Arriving from Colima, Maria Elena and the two girls with her, Madelina and Lucia, were smart enough to figure out that the knife-wielding boys were interested in girls for one reason and one reason only. In order to avoid being preyed upon, the girls manufactured a story about how they had been sent away from their previous institution because all three had been diagnosed as HIV positive. To their amazement, the ruse worked. It turned out that the devil-may-care gangster wannabes who weren’t afraid of drugs or guns or knives or each other were deathly afraid of AIDS. The new arrivals were pretty much left to themselves. The three girls had survived by sticking together, by speaking only to one another, and by making themselves invisible.

Maria Elena tried hiding out in silence now, avoiding Señora Duarte’s question and piercing gaze with a simple shrug rather than a verbal reply.

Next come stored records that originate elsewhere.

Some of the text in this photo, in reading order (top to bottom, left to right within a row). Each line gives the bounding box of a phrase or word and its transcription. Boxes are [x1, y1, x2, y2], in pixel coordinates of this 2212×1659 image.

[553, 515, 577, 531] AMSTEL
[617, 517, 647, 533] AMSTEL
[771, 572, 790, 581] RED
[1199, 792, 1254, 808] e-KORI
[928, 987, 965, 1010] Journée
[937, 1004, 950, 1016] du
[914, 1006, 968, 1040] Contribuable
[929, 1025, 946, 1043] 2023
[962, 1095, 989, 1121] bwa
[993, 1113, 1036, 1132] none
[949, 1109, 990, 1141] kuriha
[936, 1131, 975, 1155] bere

“You’re wrong there,” the señora said, pulling her reading glasses down onto her sharp nose. She glared through them at a stack of papers on the desk in front of her. “You really are lucky. It would seem you have a patron,” she continued, “a benefactor in the States who has arranged for you to come live with him and his wife and go to school.”

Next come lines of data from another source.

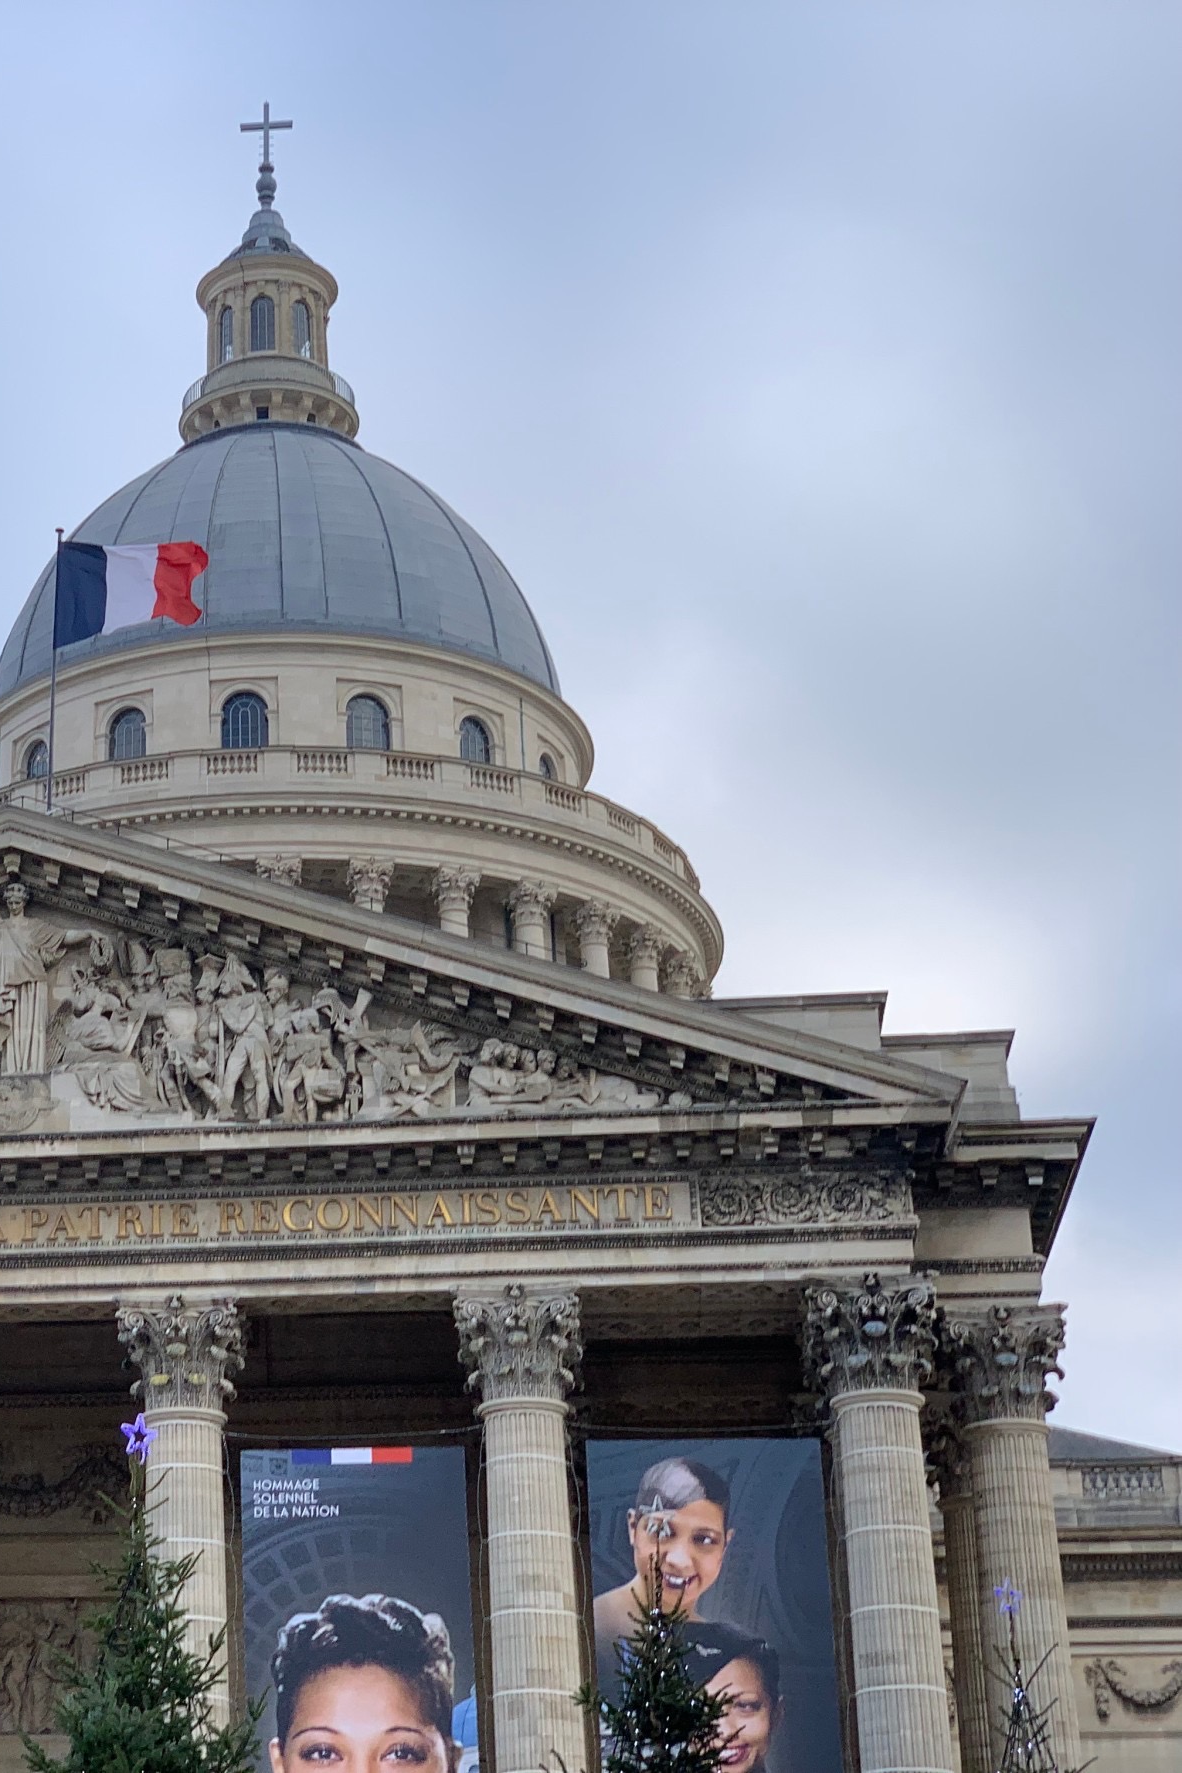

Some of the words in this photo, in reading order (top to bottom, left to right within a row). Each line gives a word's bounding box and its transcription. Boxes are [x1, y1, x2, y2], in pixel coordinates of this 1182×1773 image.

[21, 1203, 199, 1240] PATRIE
[218, 1184, 674, 1235] RECONNAISSANTE
[253, 1479, 320, 1491] HOMMAGE
[253, 1492, 318, 1505] SOLENNEL
[253, 1505, 270, 1518] DE
[273, 1505, 289, 1518] LA
[292, 1504, 340, 1517] NATION

Maria Elena’s jaw dropped. Once she had loved school. She had wanted to grow up and become a teacher, but the last time she had actually attended school had been three years earlier in the orphanage. In Colima, there had been a few classrooms, fewer teachers, and even fewer books, but at El Asilo Seguro no one bothered to pretend that they intended to reform or educate their charges. Maria Elena’s heart beat fast at this first tiny glimmer of hope. Perhaps her long-abandoned dream was possible after all. It was strange that she hadn’t been consulted about these arrangements in advance, but still…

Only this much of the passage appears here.